Ecrivain, essayiste, membre de l’académie Goncourt, Pascal Bruckner s’est fait connaître comme « nouveau philosophe » dès les années 70 puis par une trentaine de titres traitant des problèmes de notre temps, comme « Une brève éternité » (Grasset, 2019) touchant à l’allongement de la durée de la vie. On a surtout en tête le fameux « Sanglot de l’homme blanc : Tiers-Monde, culpabilité, haine de soi », paru aux éditions du Seuil dès 1983 et mettant à jour les paradoxes, pour ne pas dire certaines aberrations du discours « dé-colonialiste ».
Son plus récent ouvrage « Un coupable presque parfait, la construction du bouc émissaire blanc » (Grasset, 2020) rend compte des évolutions de la pensée dominante « à gauche », avec son triptyque : race, genre, identité. Entretien…

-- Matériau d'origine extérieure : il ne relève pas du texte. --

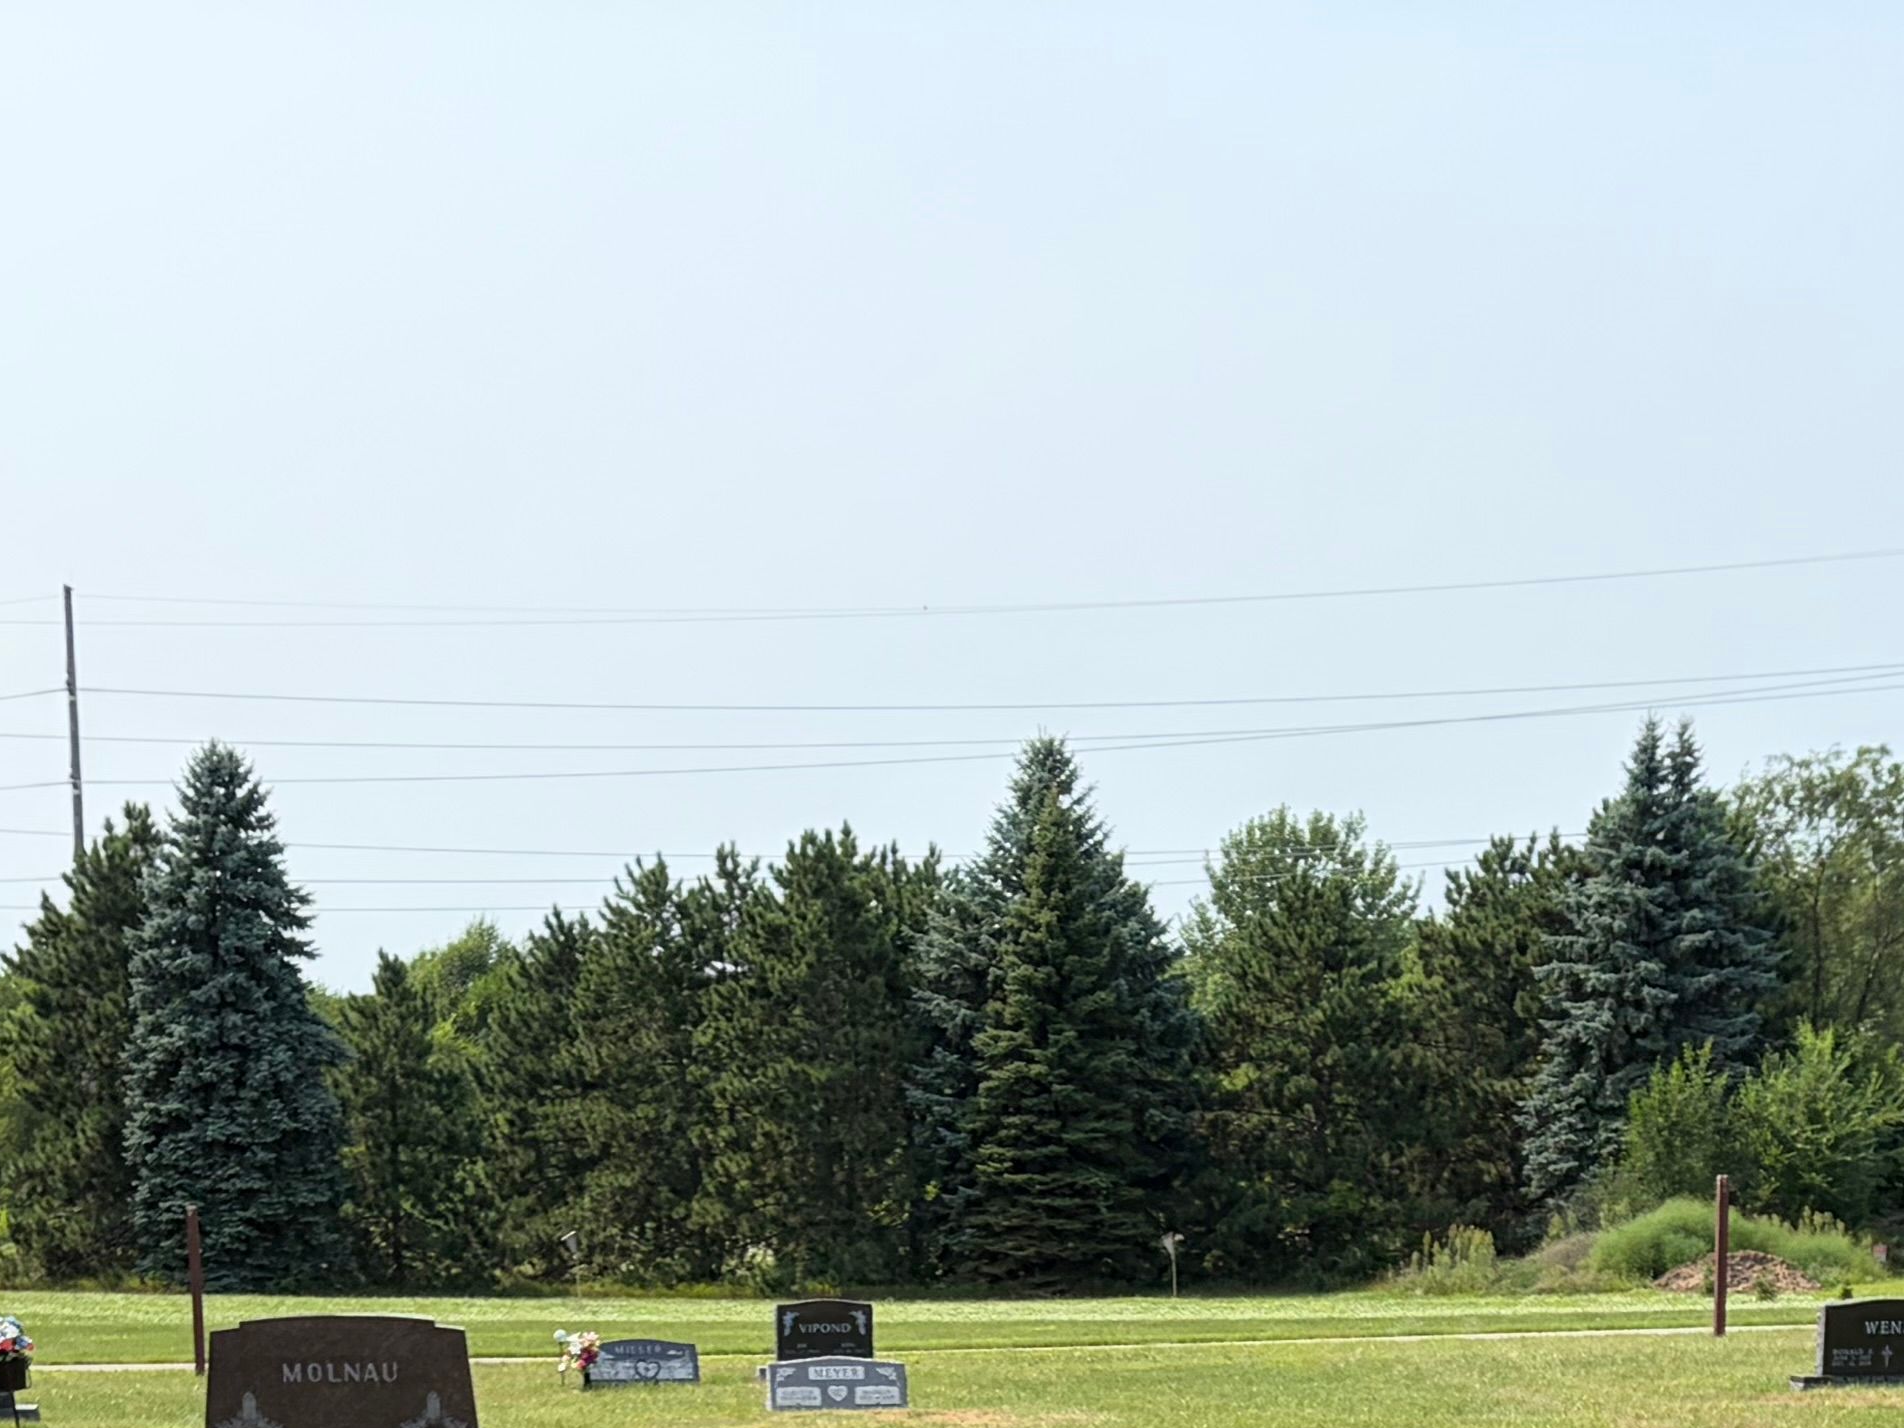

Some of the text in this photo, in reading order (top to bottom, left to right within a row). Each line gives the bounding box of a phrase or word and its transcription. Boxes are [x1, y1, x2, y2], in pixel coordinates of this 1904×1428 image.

[798, 1322, 852, 1334] VIPOND
[282, 1362, 399, 1383] MOLNAU
[814, 1367, 858, 1379] MEYER

Depuis les années 1980, l’évolution est sensible, on est passé de quelques discours sans grands échos au déboulonnage matériel de statues de Victor Schloecher, de Faidherbe, et — on ne peut que le constater — un climat d’agressivité, revendiquée, affichée, à l’encontre des valeurs qui semblaient, depuis 1945, universelles. Depuis la publication de votre ouvrage « Le sanglot de l’homme blanc. Tiers-monde, culpabilité, haine de soi » en 1983, que s’est-il passé ?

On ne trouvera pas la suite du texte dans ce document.